We’ve not seen a rattlesnake close to the house since we moved in several years ago. It’s always been something in the back of our minds, something the wife warns me about when I go for an evening hunt or take a walk down into the canyon. But it’s never been anything we’ve spent a whole lot of time worrrying about.

Until tonight.

When I came home this evening I found the fella in the picture in our garage. I didn’t see him immediately, as I was busy scurrying about, trying to get meat on the barbecue. Some of our kittens (what’s a farm without cats to catch mice?) were nervously skittering around the garage near their food dish. One of them was mewling something horrible, sounding like he had a very bad stomache ache.

When I approached I heard the rattling, but it was coming from a spot near a bag of cat litter, so at first I thought it was simply one of the kittens crawling around the backside of the bag. The rattle sounded an aweful lot like the sand in that bag shifting around. I walked away to the barbecue and the sound persisted. And then I caught on; the obvious dawned on me and I realized I had a snake in the garage.

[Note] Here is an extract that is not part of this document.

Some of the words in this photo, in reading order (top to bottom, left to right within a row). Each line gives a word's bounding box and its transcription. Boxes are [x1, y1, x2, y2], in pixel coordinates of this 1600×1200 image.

I couldn’t see it immediately. We had a small doghouse (for the cats) sitting in the corner, next to the litter bag, and it was all tucked away in an area of the garage that is very dark. I ran into the house to get a flashlight, and when I returned I got a good look at him. He was fair sized (I was hoping for a small one) and that got my blood pumping.

Standing nearby was one of the kittens, a small white Siamese mix. She was so close to the snake I was concerned she was going to get bit, and I was trying to get her to move. I snatched a shovel off the wall, moved some garbage cans out of the path, and starting reigning down blows. Unfortunately, the litter bag made good cover for the snake, and each blow hit it instead. He ducked, weaved, and occasionally launched a small attack in my direction. Then he slid underneath a nearby countertop/sink that doesn’t come all the way down to the floor. With about three inches of clearance he was able to duck away and escape, temporarily, rattling wildly the entire time.

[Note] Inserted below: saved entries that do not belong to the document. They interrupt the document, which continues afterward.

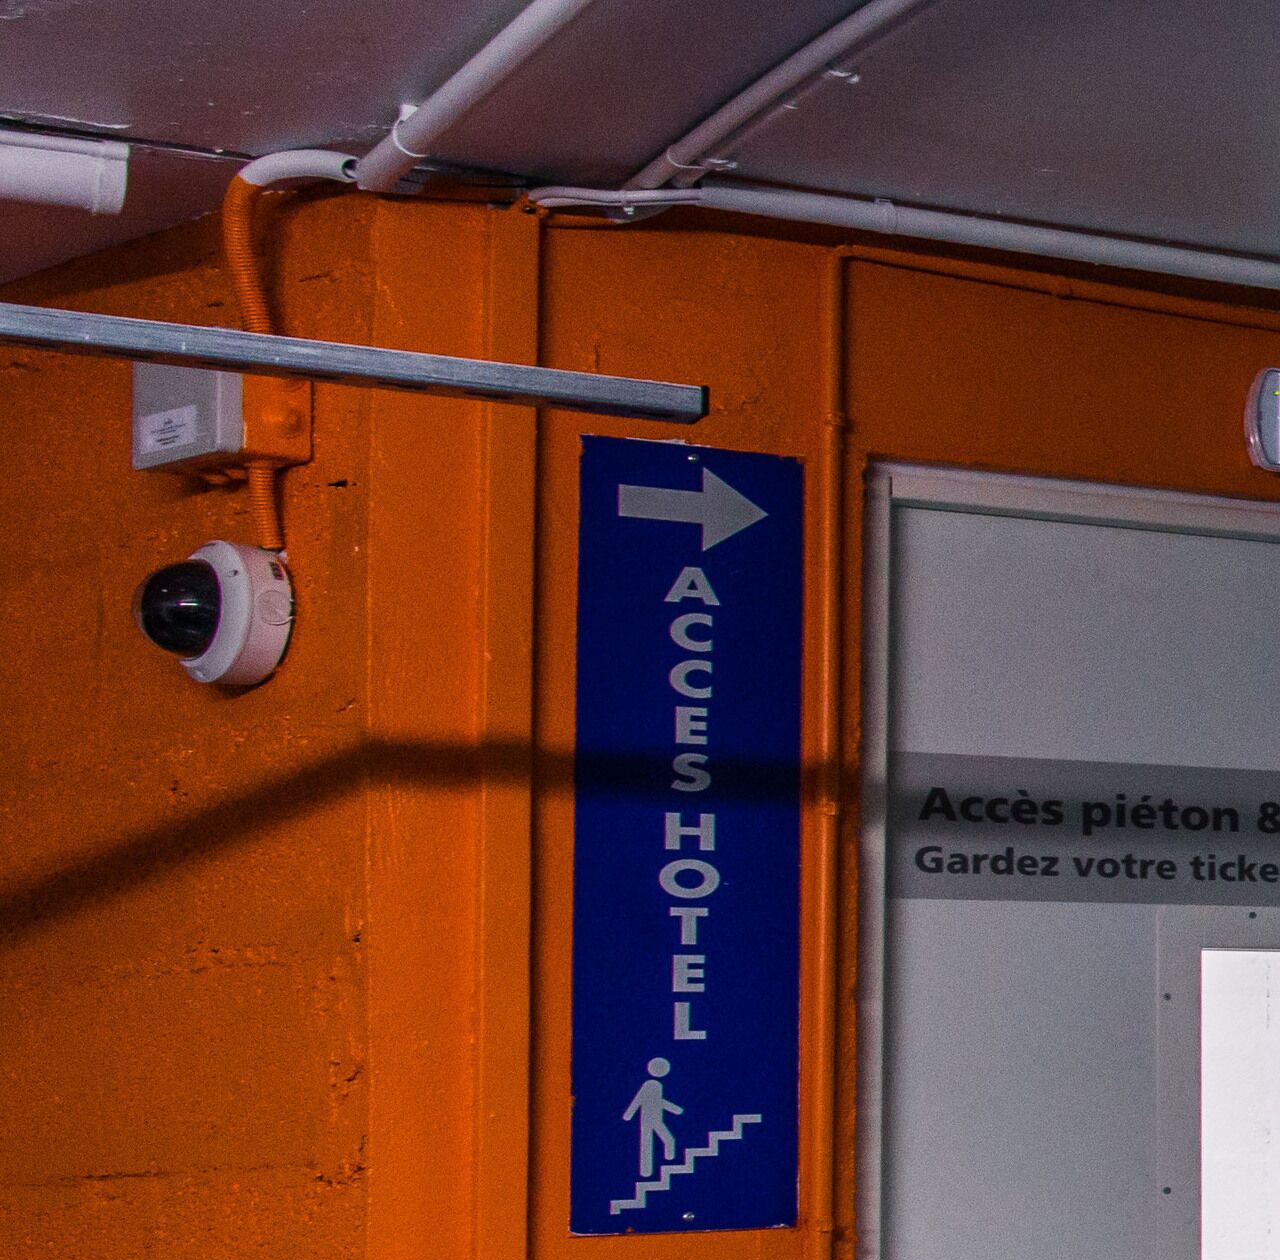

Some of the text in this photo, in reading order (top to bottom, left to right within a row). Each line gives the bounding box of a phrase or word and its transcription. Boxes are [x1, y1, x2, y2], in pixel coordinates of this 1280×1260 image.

[664, 566, 720, 792] ACCES
[915, 845, 1060, 878] Gardez
[1073, 853, 1178, 881] votre
[918, 786, 1065, 826] Accès
[1082, 793, 1240, 837] piéton
[658, 811, 720, 1041] HOTEL
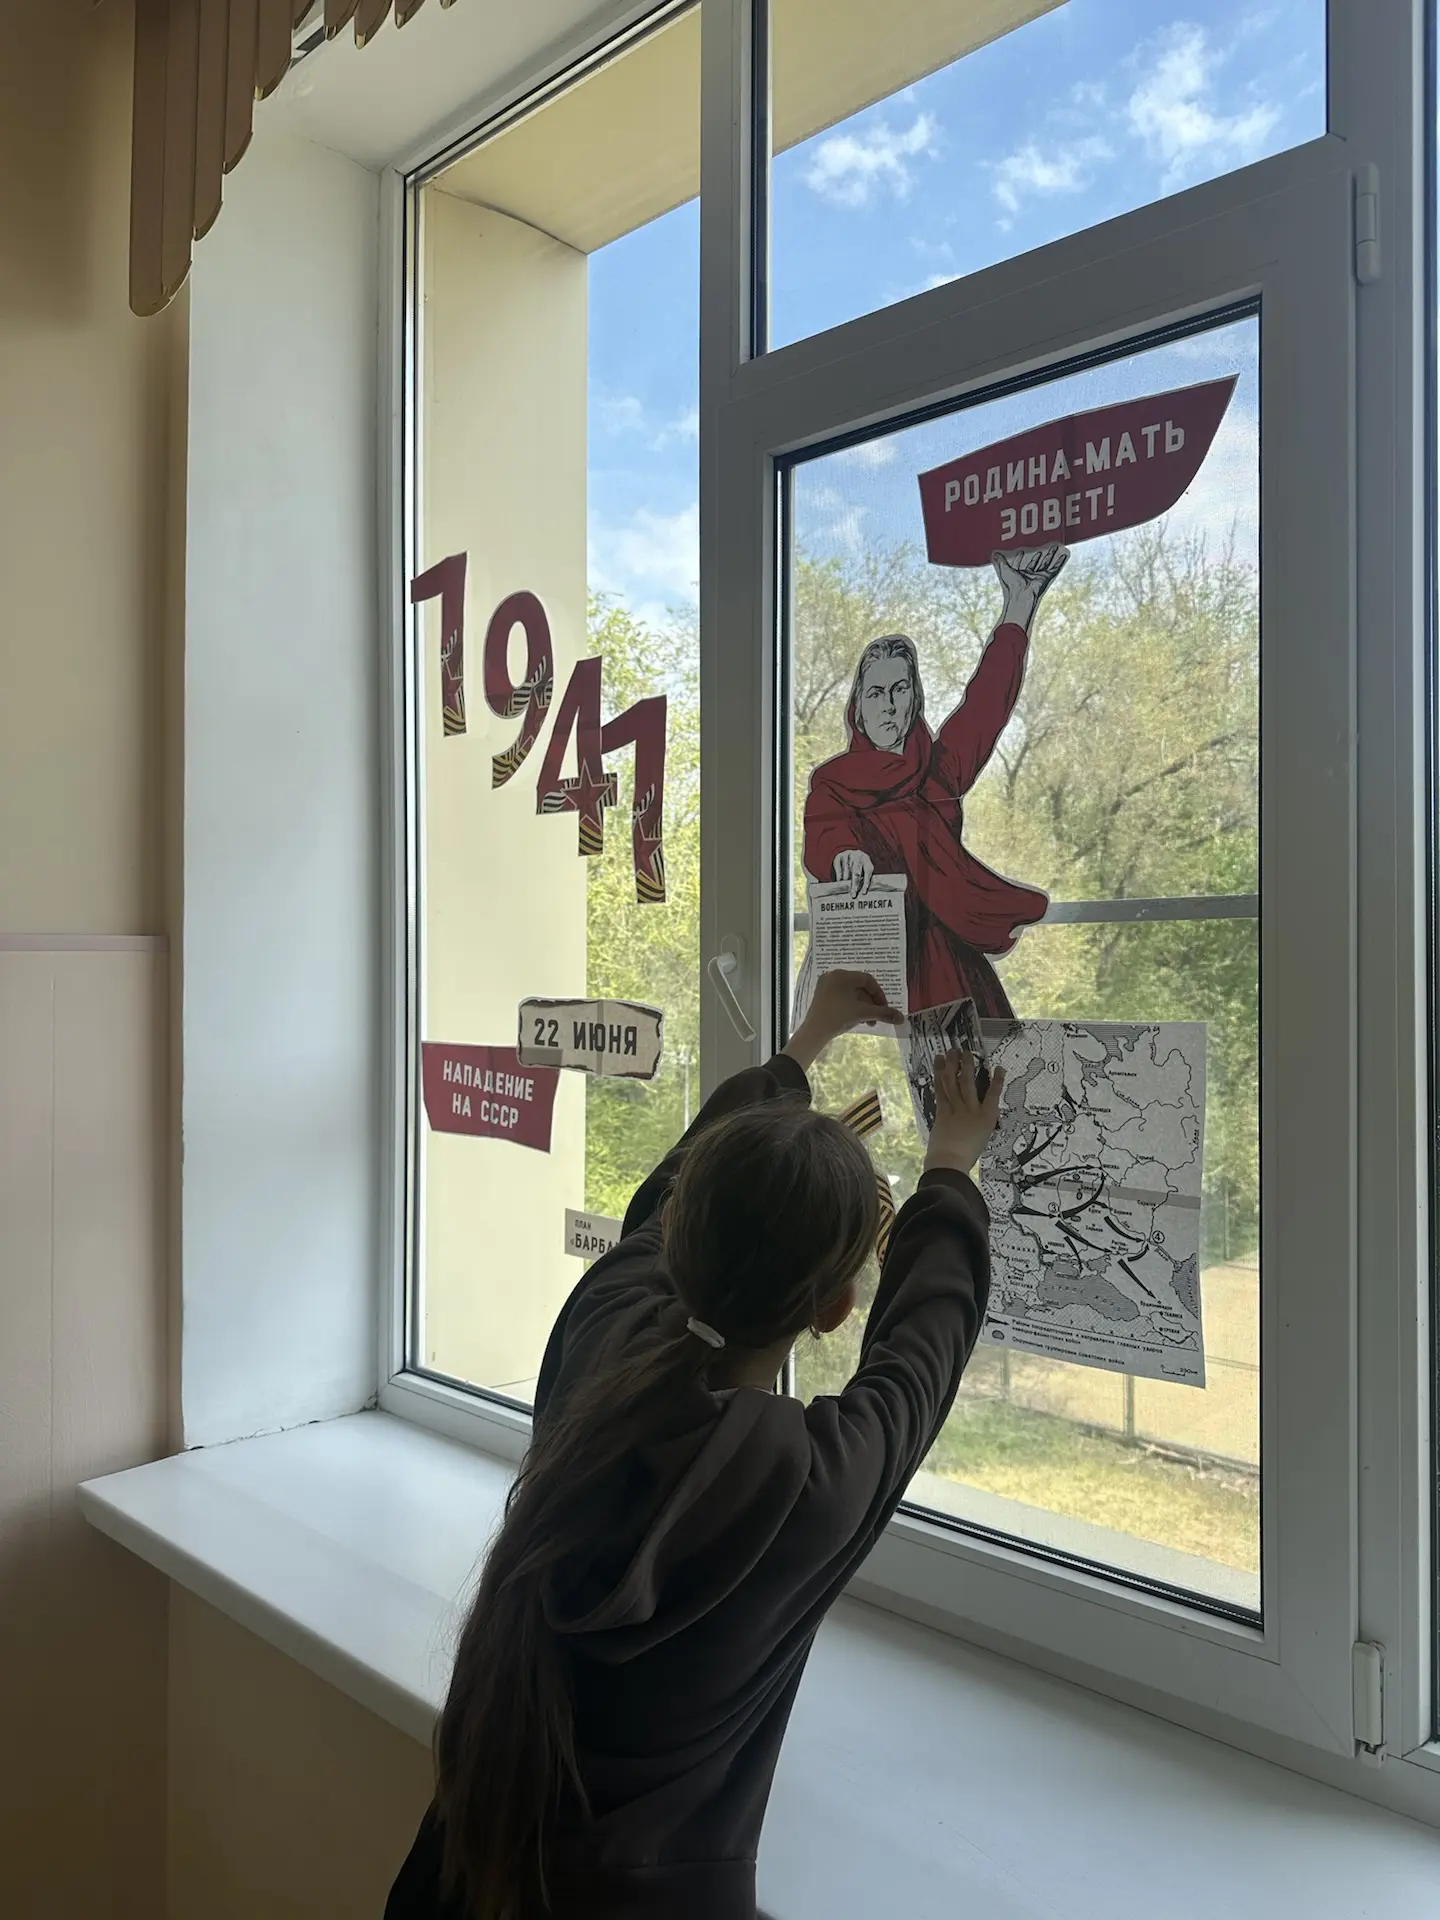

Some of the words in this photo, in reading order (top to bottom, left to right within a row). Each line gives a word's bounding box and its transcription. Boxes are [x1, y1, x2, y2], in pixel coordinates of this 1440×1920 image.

[945, 420, 1185, 512] РОДИНА-МАТЬ
[1000, 484, 1115, 541] ЗОВЕТ!
[411, 550, 667, 904] 1941
[820, 901, 855, 912] ВОЕННАЯ
[858, 899, 893, 910] ПРИСЯГА
[534, 1018, 559, 1047] 22
[573, 1021, 637, 1056] ИЮНЯ
[443, 1060, 534, 1102] НАПАДЕНИЕ
[452, 1093, 471, 1118] НА
[480, 1104, 519, 1129] СССР
[569, 1233, 619, 1254] «БАРБА
[575, 1219, 592, 1231] ПЛАН

I couldn’t leave him there. Another trip into the house, and this time I emerged with a .22 semi-automatic rifle. I stuffed the muzzle under the cabinet and yanked out a few shots. His rattle fell silent. But like all tough snakes I knew he wasn’t done yet. I managed to pull him out from underneath with the staff from a tall broom, and he was still defiant, occasionally trying to strike. Time for the shovel again, severing most of his head from his neck.

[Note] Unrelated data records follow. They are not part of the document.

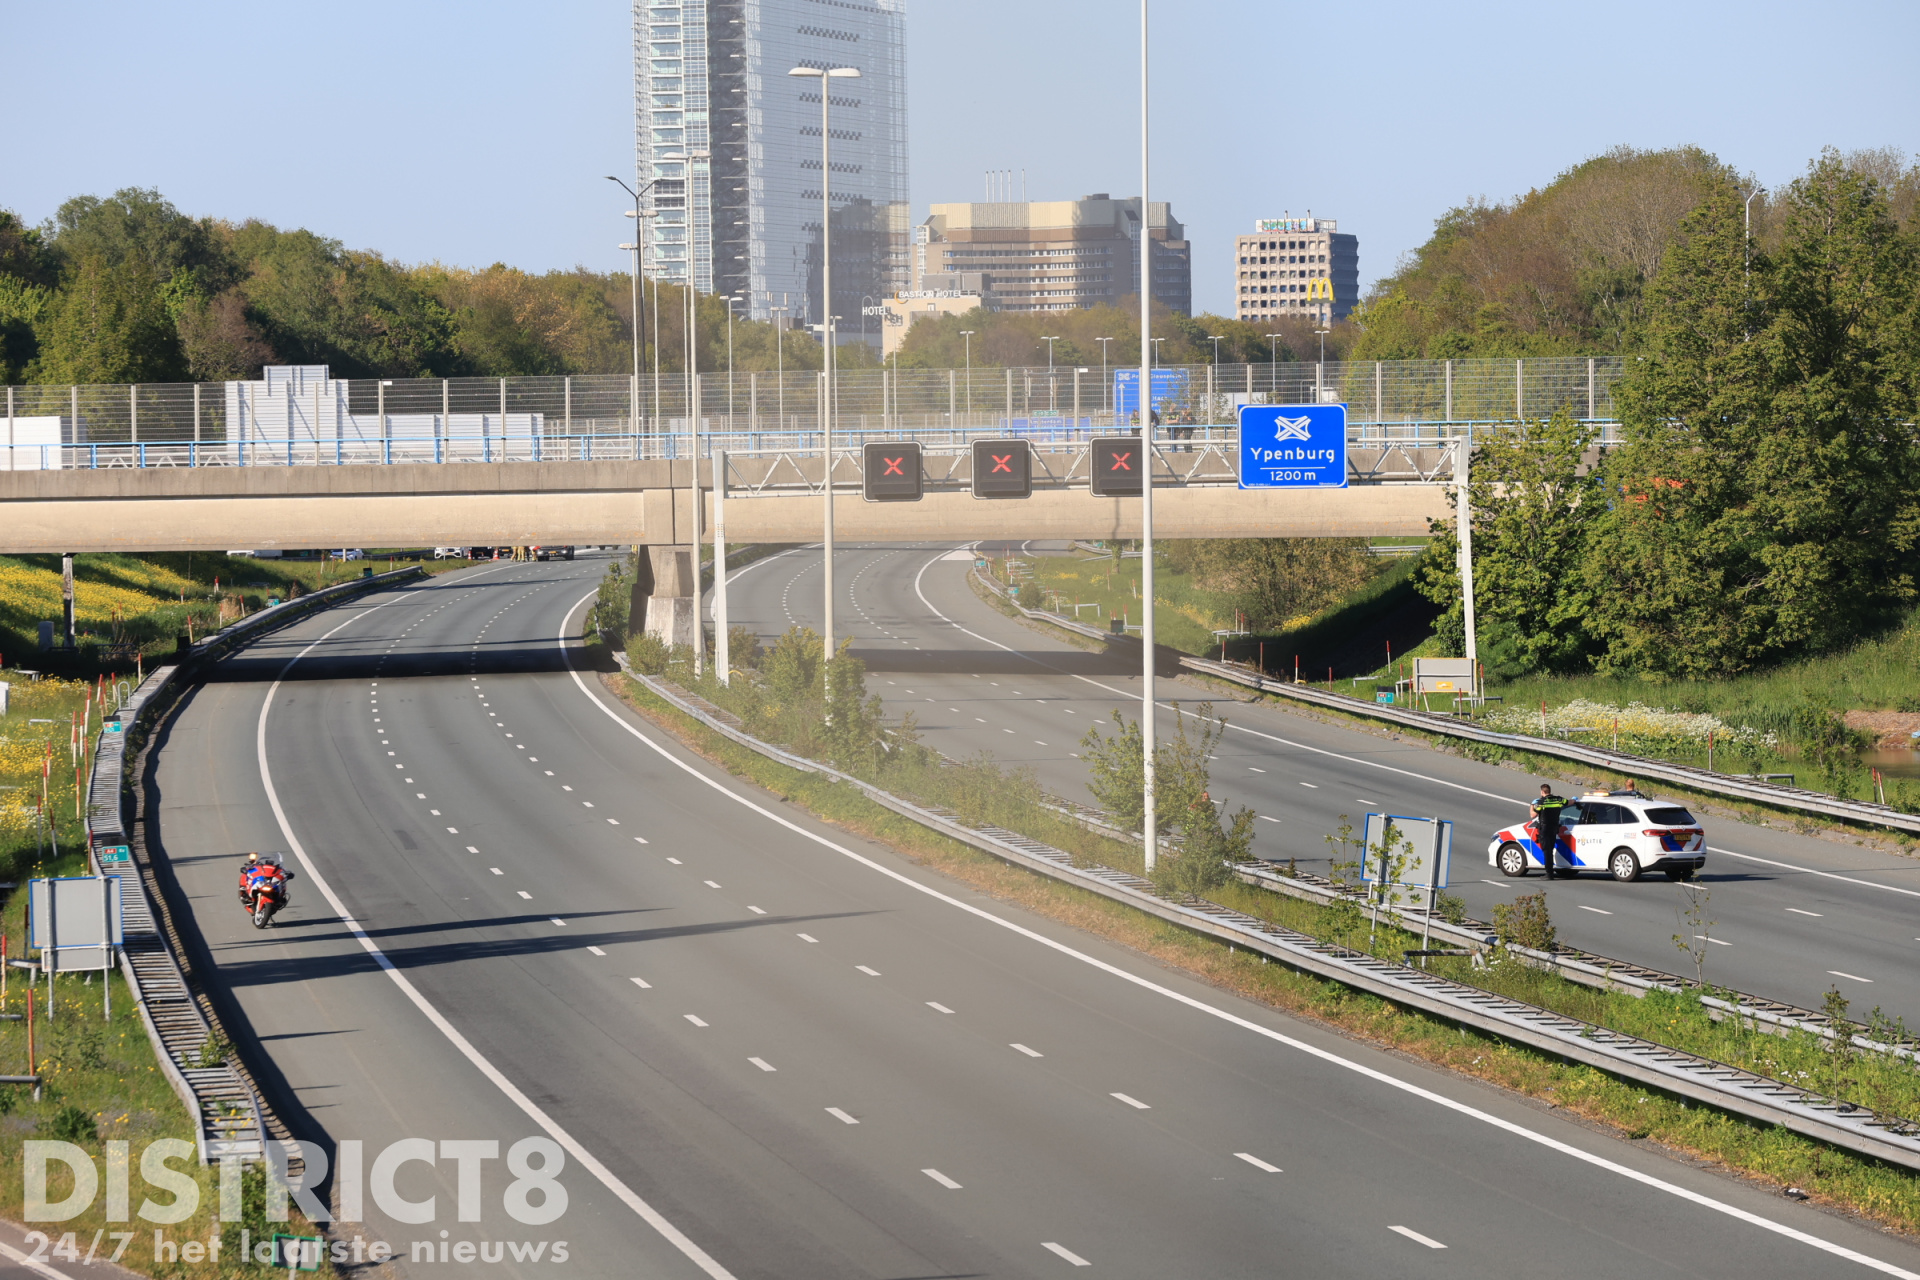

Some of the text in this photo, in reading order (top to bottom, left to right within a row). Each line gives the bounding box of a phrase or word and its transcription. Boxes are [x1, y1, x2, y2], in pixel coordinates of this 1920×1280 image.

[862, 306, 888, 316] HOTEL
[1250, 447, 1335, 463] Ypenburg
[1270, 471, 1316, 481] 1200 m
[1577, 837, 1602, 845] POLITIE
[103, 854, 119, 862] 51,6

When I was done with the snake I heard the mewling again. I found the grey-and-white kitten underneath a small step stool, trying to walk, but limping and stunned. I knew he’d been bit. It wasn’t long, ten minutes tops, and he was gone. Two nights ago we had come home to see one of the other grey kittens dead at the entrance of the doghouse and we couldn’t figure out what had happened. We thought maybe it had got into some mouse poison, but we had not laid any out in over a year, and there was none of it in the open where the kittens could get at it (most of it was in drawers and cubboards where the mice like to hide). At least now we know what happened to that one. Although it scares the beejeezus out of the wife and I to think that snake was in the garage two nights ago, because Jessica likes to tend to the kittens when she gets home, always running over to the doghouse and petting the little guys. She would have been less than three feet from the snake if her and her mother had got home before me. If he had bit her… We live far enough outside of town that she could have died.

Life in the country certainly has its share of peril. We dodged a bullet.